Machine Learning Algo for Trading

Discussion in 'Automated Trading' started by stepseazy, Jun 13, 2016.

  1. conduit

    conduit

    interesting post. I use Nvidia 980Ti cards as they get you the most cuda cores for the money. K40 and K80 cards are way overpriced. I installed cuda support for Theano and it does speed up computations by quite a bit.

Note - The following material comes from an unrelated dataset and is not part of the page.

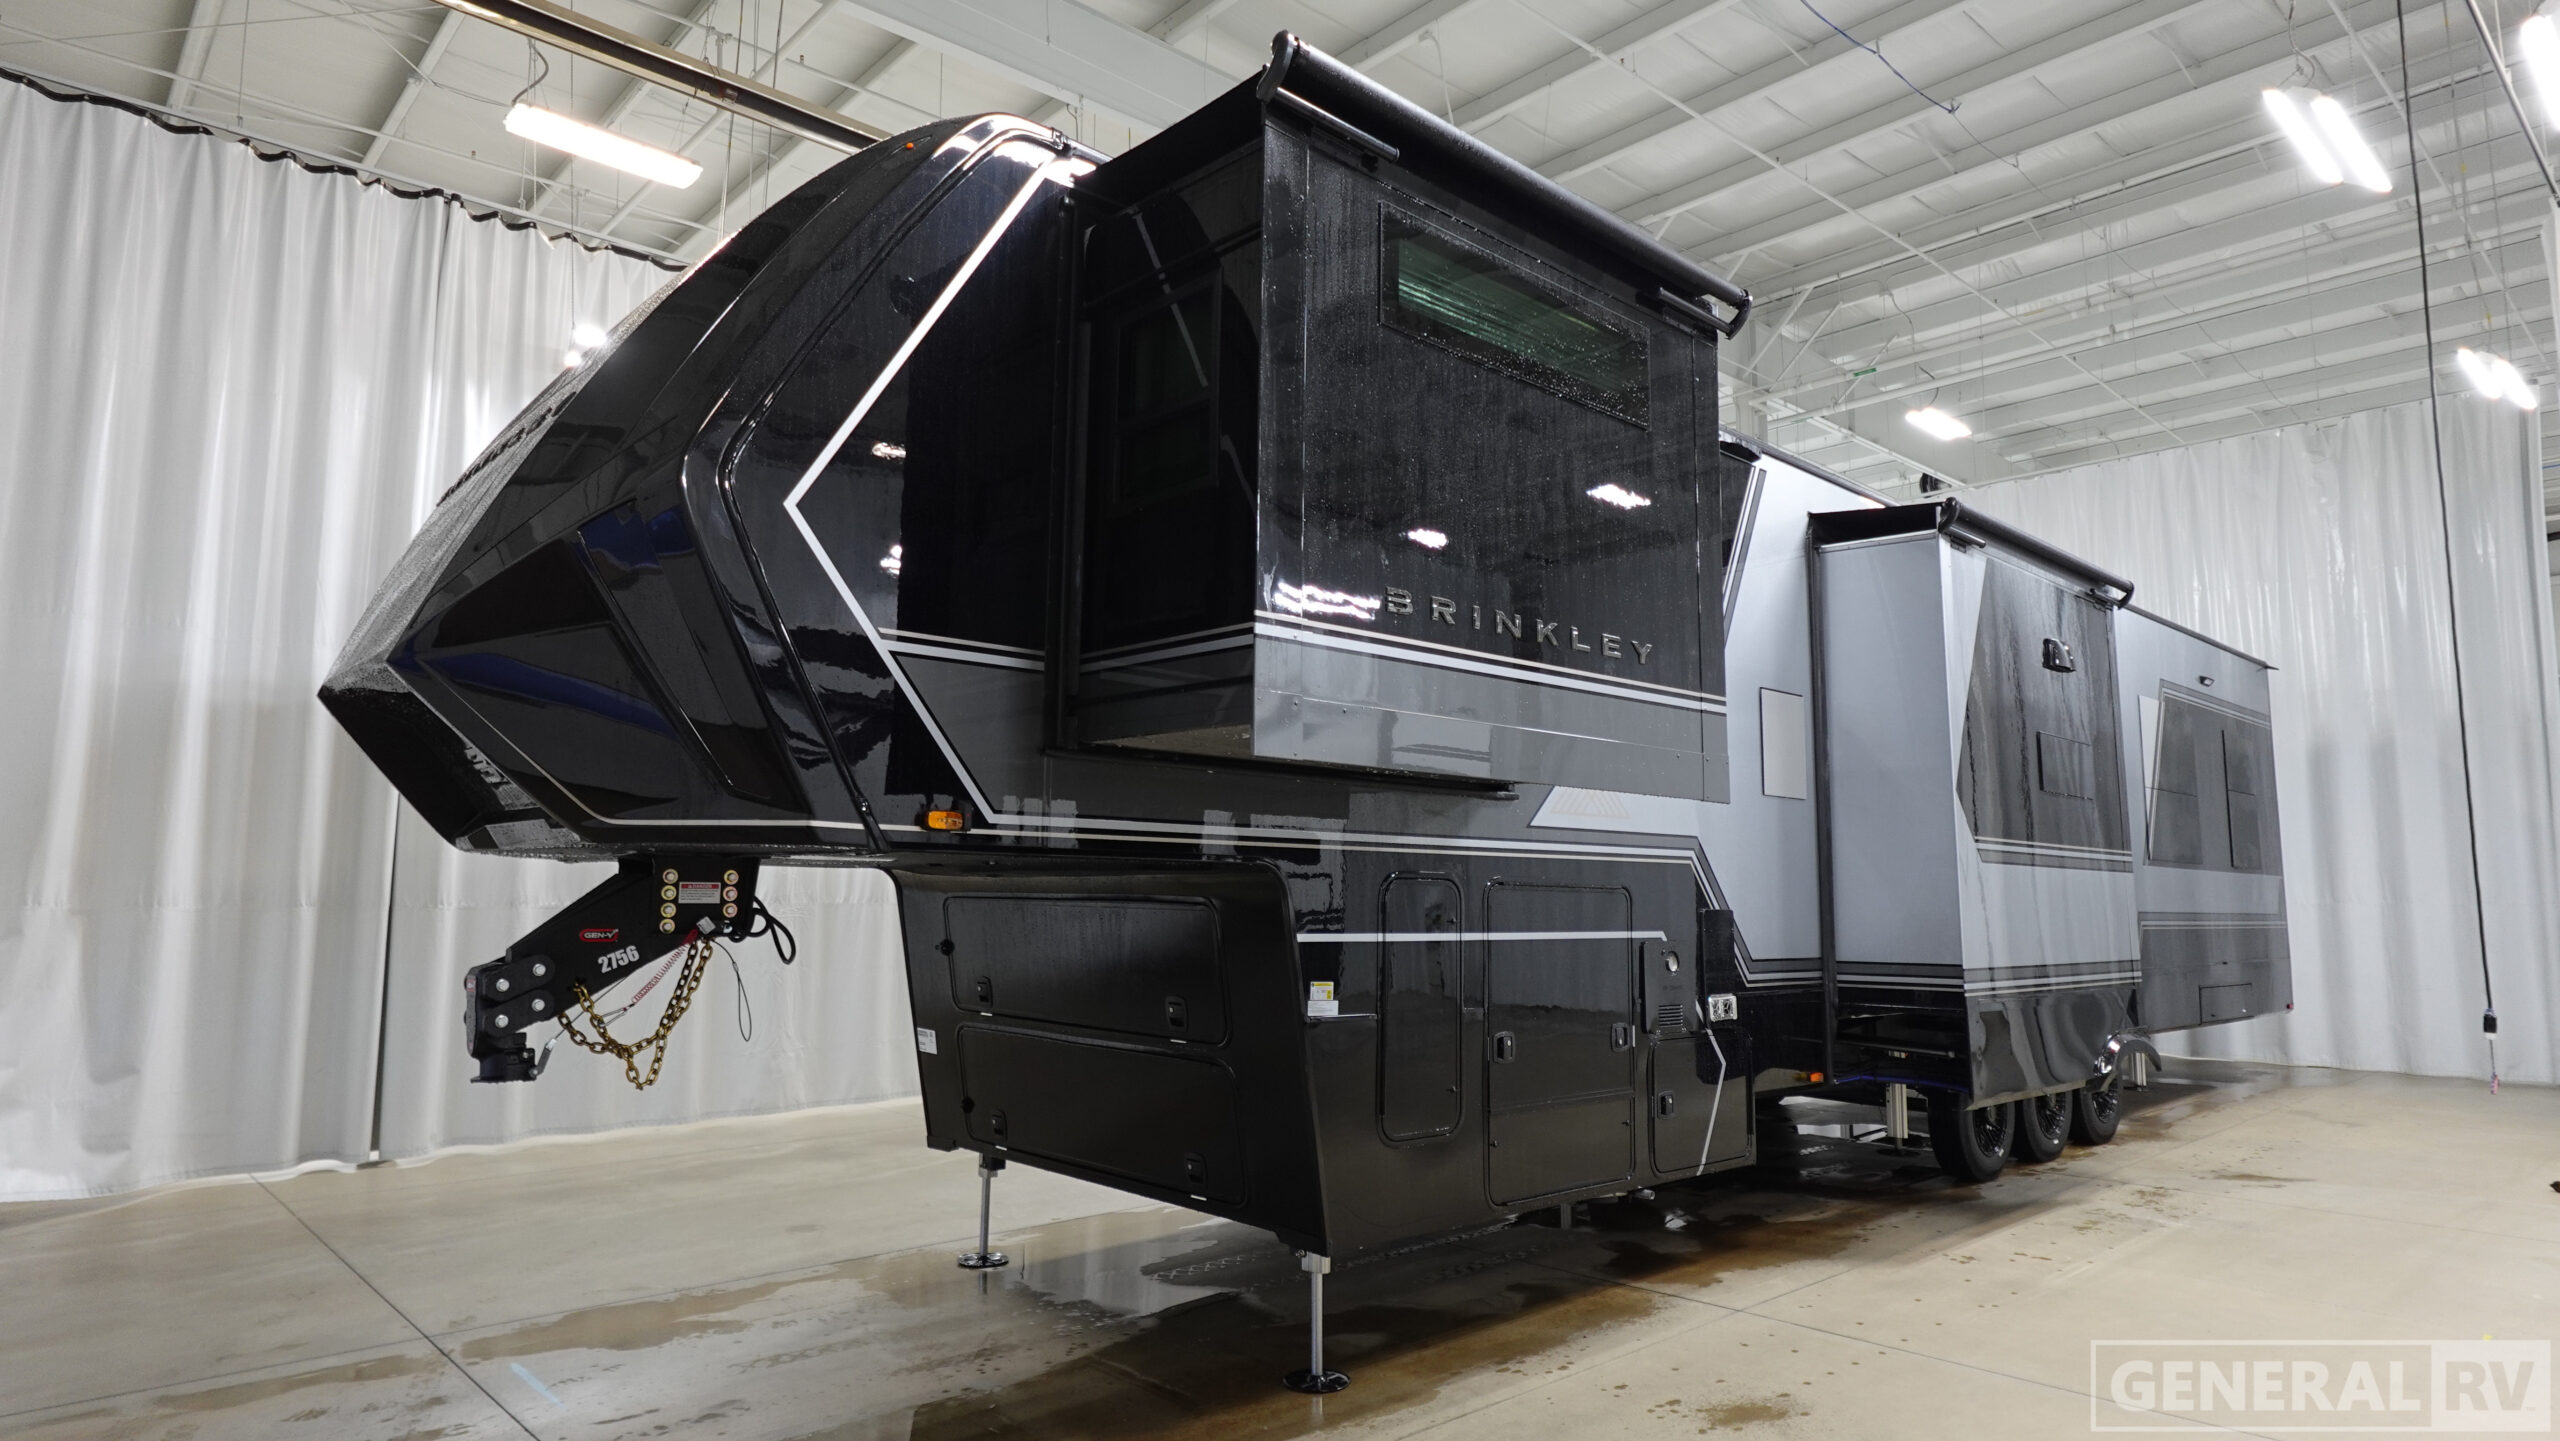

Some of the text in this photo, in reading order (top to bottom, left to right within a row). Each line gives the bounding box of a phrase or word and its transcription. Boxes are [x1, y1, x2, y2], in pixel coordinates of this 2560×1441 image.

[1385, 585, 1653, 665] BRINKLEY
[583, 928, 619, 939] GEN-Y
[597, 945, 640, 974] 2756

    I use the term data augmentation in a slightly different way but I get what you mean. I did test with inputting time series, for example, or other input data in a reverse order and the output and prediction rate turned out to be almost identical which confirmed that the learning algorithm is capable of building associations and assigning weights regardless of the order of the input data series. Obviously a complete re-ordering of input data is an entirely different story.

     
    #71     Jun 21, 2016
    931 likes this.
  2. Arti

    Arti

    Hey,

    I haven't used these libraries yet (but i will), but since you have experience in this do you run your convolutional network on Theano? would you recommend Theano over Keras or TensorFlow? also since you come from HF industry can you comment on the features that you pass to the algos? are those some price derivatives or you are getting more creative going with image recognition or perhaps weather forecasts etc.? Basically why I'm asking this is because there was a competition on kaggle hosted by Winton Capital that provided over 130 features for price prediction and after much data crunching the general opinion on the forums was that almost none of them had predictive power except for lagged prices, which is a simple ARMA or GARCH model anyway. So I would be very much interested to hear about your experience with feature engineering and what approach do you take in selecting the exogenous variable. Thanks!
     
    #72     Jun 22, 2016
  3. conduit

    conduit

    Theano should do just fine, Tensorflow is easier to install but the GPU support in the non-commercial version is not yet where I would like to see it. Plus I do not want to lock myself into Tensorflow too early on. Theano is pretty powerful and it works well for what I am doing. I am by far no expert and I think very few worldwide really are. Also, I do not come from a hft background. I started out as otc rates derivatives market maker at an ibank, then transitioned into proprietary trading at another bank and later on hedge funds before I moved into pure quant trading. I am not into market making hence hft is not something I am keen on getting into, aside the fact that it has become prohibitively expensive to join.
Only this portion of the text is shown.